Hoje, mais uma vez, a coluna Na Linha dos Três falará sobre a seleção brasileira masculina de basquete. Usarei esse espaço para analisar individualmente cada jogador titular da equipe, com as estatísticas da última temporada e minha visão sobre o atleta. Segue a lista:
Armador: Marcelinho Huertas – DKV Joventut (ESP)
Marcelinho Huertas terá nesse Pré-Olímpico sua primeira grande chance como armador titular da seleção brasileira. Apesar da baixa estatura, muito me agrada o estilo do jogador, que sabe muito bem distribuir o jogo e tem no passe picado sua principal forma de assistência. Fez um grande Torneio de Acrópolis com a seleção.
Médias na Liga Espanhola da temporada 2007-08 (Jogando pelo Iurbentia Bilbao): 14,6 pts e 3,9 ast por partida
Médias no Torneio de Acrópolis: 14,3 pts e 7 ast por partida; aproveitamento de 71% nos arremessos de 2 pontos e 100% nos lances livres
Ala-armador: Alex – Macabbi Tel Aviv (ISR)
Alex ocupa nessa seleção a vaga que seria de Leandrinho. O jogador, que chegou ao Final Four da última Euroliga, sabe compensar sua baixa estatura com uma impressionante impulsão e uma forte defesa. Canhoto, também fuinciona bem ofensivamente em algumas partidas.

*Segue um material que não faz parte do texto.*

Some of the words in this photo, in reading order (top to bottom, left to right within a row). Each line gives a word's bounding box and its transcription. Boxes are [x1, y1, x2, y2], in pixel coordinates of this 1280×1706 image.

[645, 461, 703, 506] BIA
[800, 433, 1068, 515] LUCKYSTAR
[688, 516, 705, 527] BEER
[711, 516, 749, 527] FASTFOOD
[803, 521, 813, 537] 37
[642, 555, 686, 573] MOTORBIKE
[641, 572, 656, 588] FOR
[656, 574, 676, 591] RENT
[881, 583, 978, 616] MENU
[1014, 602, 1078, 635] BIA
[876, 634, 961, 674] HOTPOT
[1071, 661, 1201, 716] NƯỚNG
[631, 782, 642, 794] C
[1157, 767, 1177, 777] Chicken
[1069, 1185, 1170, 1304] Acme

Médias na Euroliga da temporada 2007-08: 5pts, 2,1 reb e 1,4 ast por partida
Médias no Torneio de Acrópolis: 11,7 pts e 2,3 stl por partida
Ala: Marcelinho Machado – Flamengo
O jogo individualista do ala não me agrada muito. Acho que o estilo de seu basquete é ultrapassado; ele busca muito a cesta, não trabalha em grupo, nada acrescenta em dinamismo na equipe e tem uma defesa fraca. Em compensação, sua experiência com a camisa da seleção e sua eficiência nos arremessos de 3 pontos podem fazer a diferença em algumas partidas.

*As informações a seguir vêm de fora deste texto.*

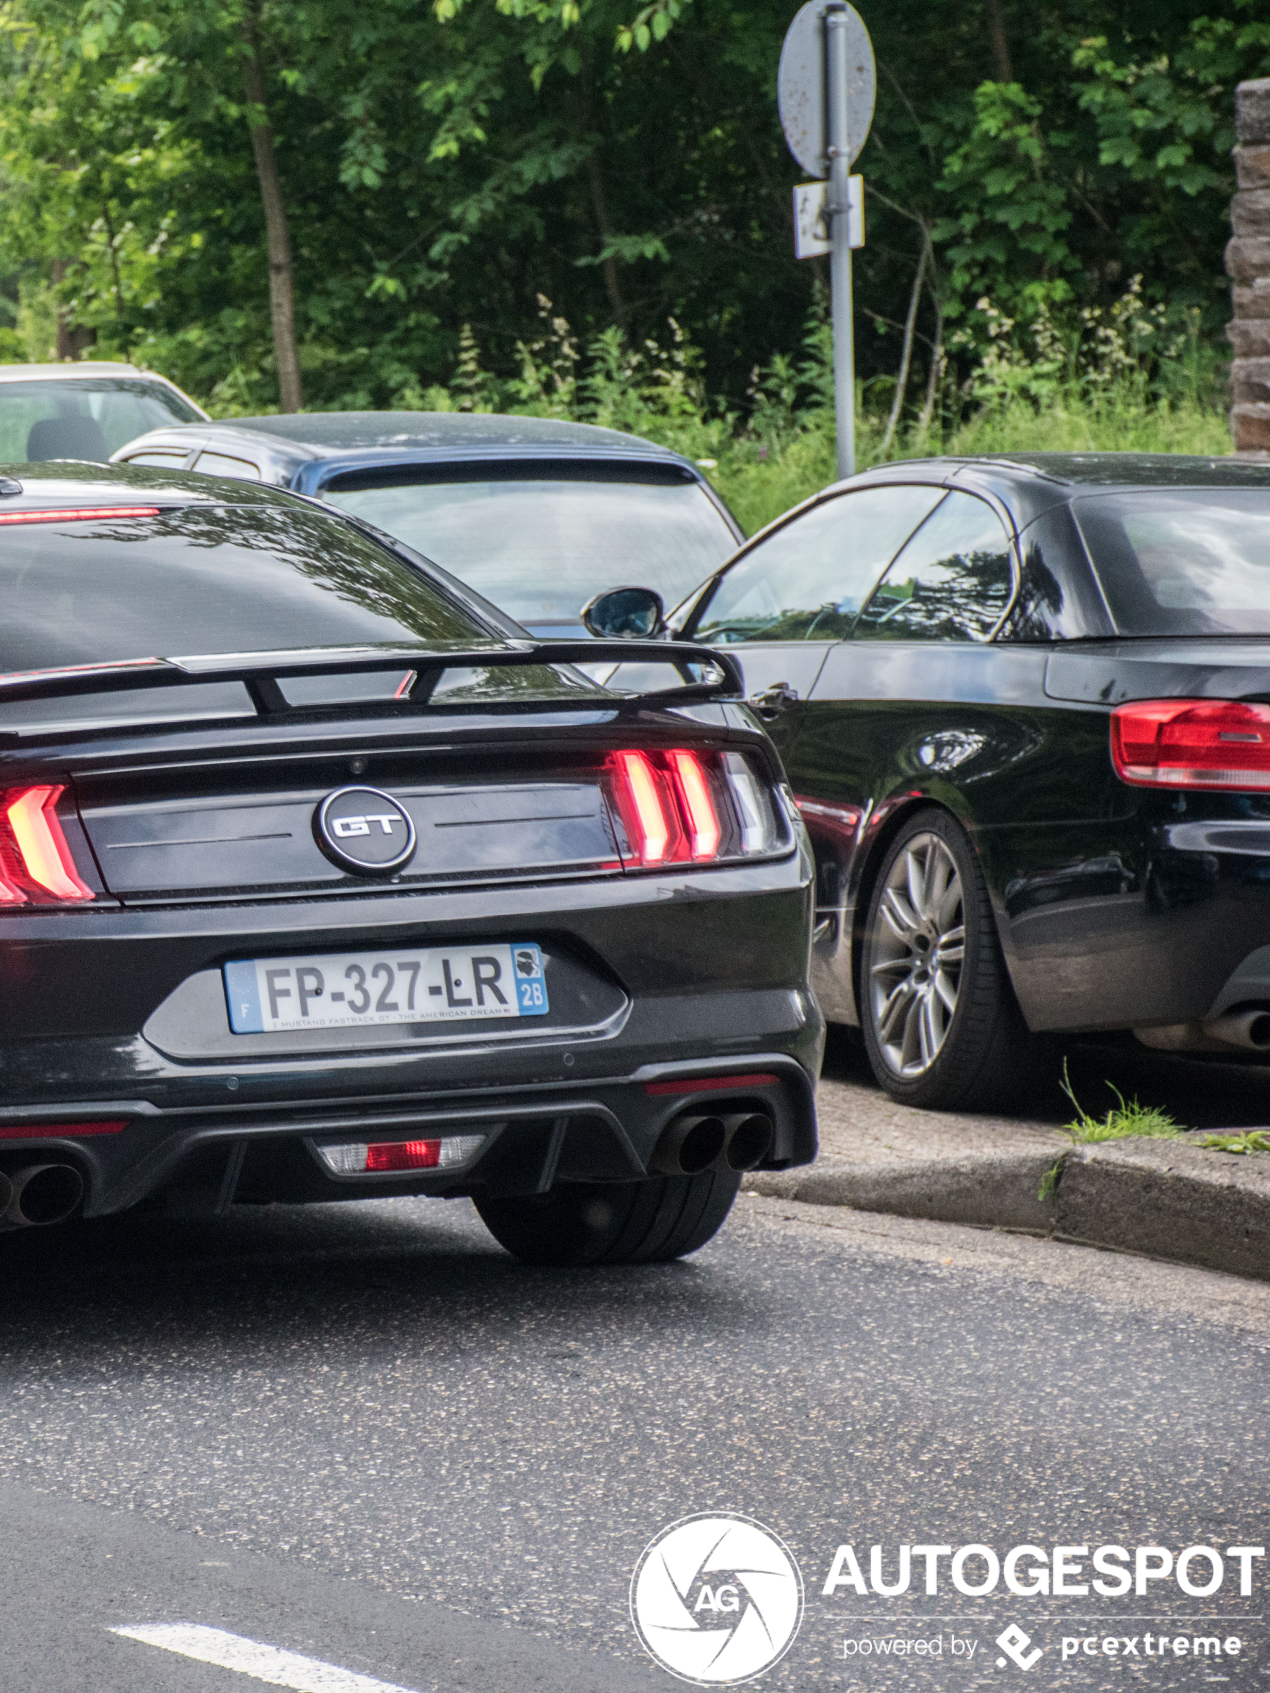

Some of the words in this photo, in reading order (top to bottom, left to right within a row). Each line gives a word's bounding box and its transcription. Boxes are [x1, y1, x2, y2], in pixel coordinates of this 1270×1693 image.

[332, 814, 403, 838] GT
[264, 956, 509, 1019] FP-327-LR
[520, 983, 543, 1006] 2B
[240, 1003, 250, 1018] F
[281, 1019, 326, 1028] MUSTANG
[329, 1016, 376, 1025] FASTBACK
[420, 1010, 467, 1019] AMERICAN
[470, 1008, 502, 1016] DREAM

Médias no ano de 2008: 25,8 pts por partida
Médias no Torneio de Acrópolis:13,3 pts e 3 ast por partida; 100% de aproveitamento nos lances livres
Ala-pivô: JP Batista – Barons de Riga (LIT)

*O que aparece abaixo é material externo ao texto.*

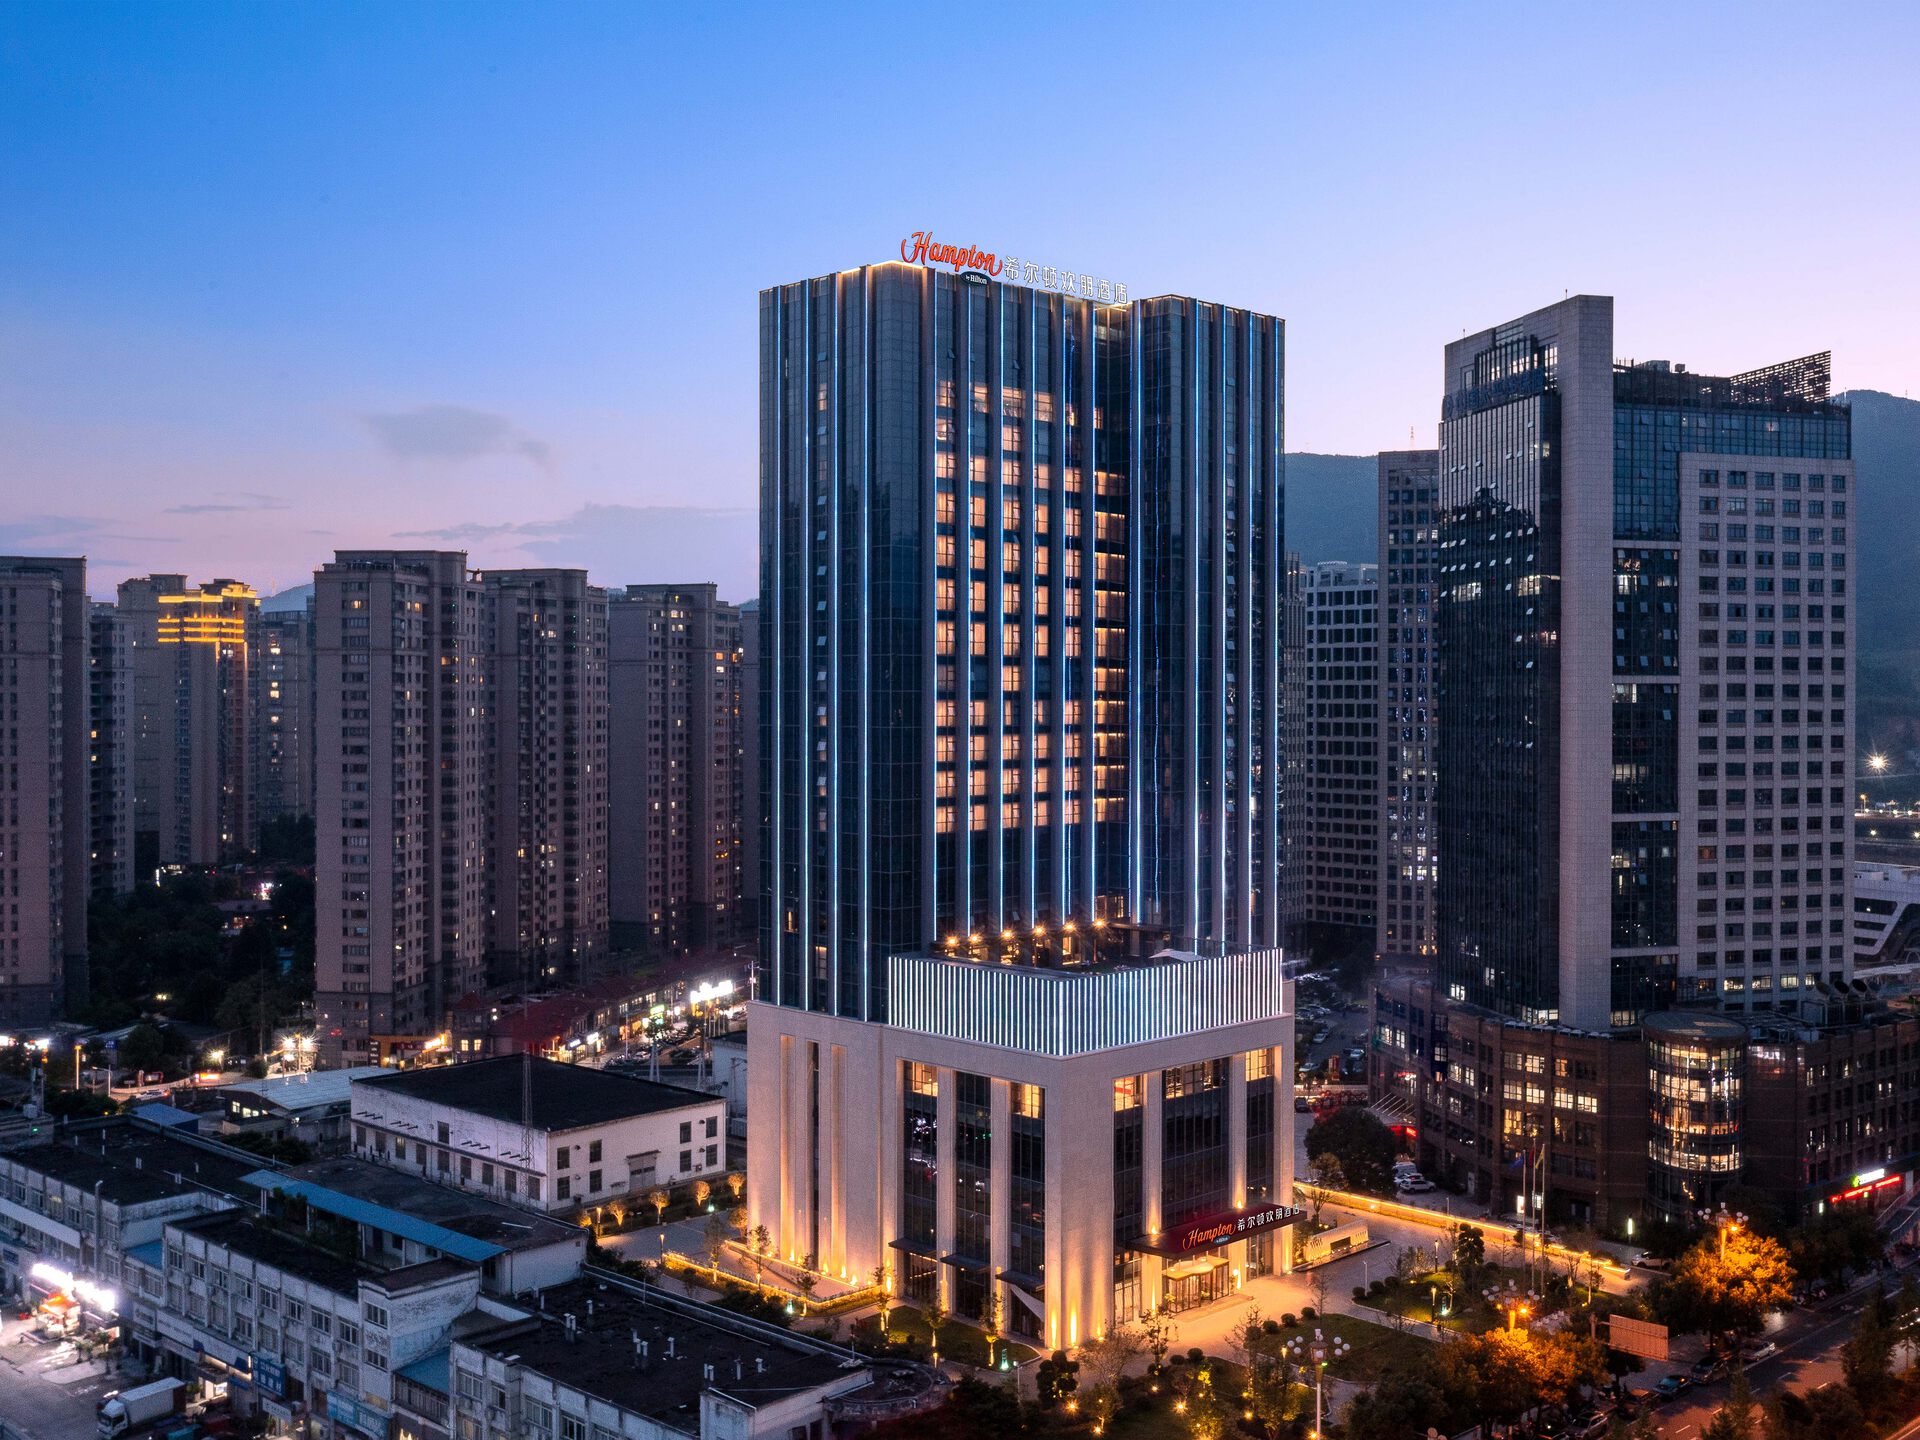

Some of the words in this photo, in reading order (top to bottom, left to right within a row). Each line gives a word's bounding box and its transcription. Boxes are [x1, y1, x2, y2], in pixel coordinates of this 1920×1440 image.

[901, 231, 1003, 277] Hampton
[970, 274, 988, 285] Hilton
[1004, 255, 1128, 304] 希尔顿欢朋酒店
[1237, 1203, 1300, 1232] 希尔顿欢朋酒店
[1182, 1222, 1236, 1250] Hampton

JP é um jogador bastante calmo, que sabe trabalhar bem a bola; porém, em partidas ruins, essa calma pode se transformar rapidamente em uma irritante lentidão. De qualquer modo, gosto do jogo do atleta, e acho que ele pode ser importante para o garrafão da equipe no Pré-olímpico.
Médias na Liga Lituana da temporada 2007-08: 13,2 pts e 5,6 reb por partida
Médias no Torneio de Arópolis: 6,3 pts e 3,7 reb por partida
Pivô: Tiago Splitter – TAU Cerâmica (ESP)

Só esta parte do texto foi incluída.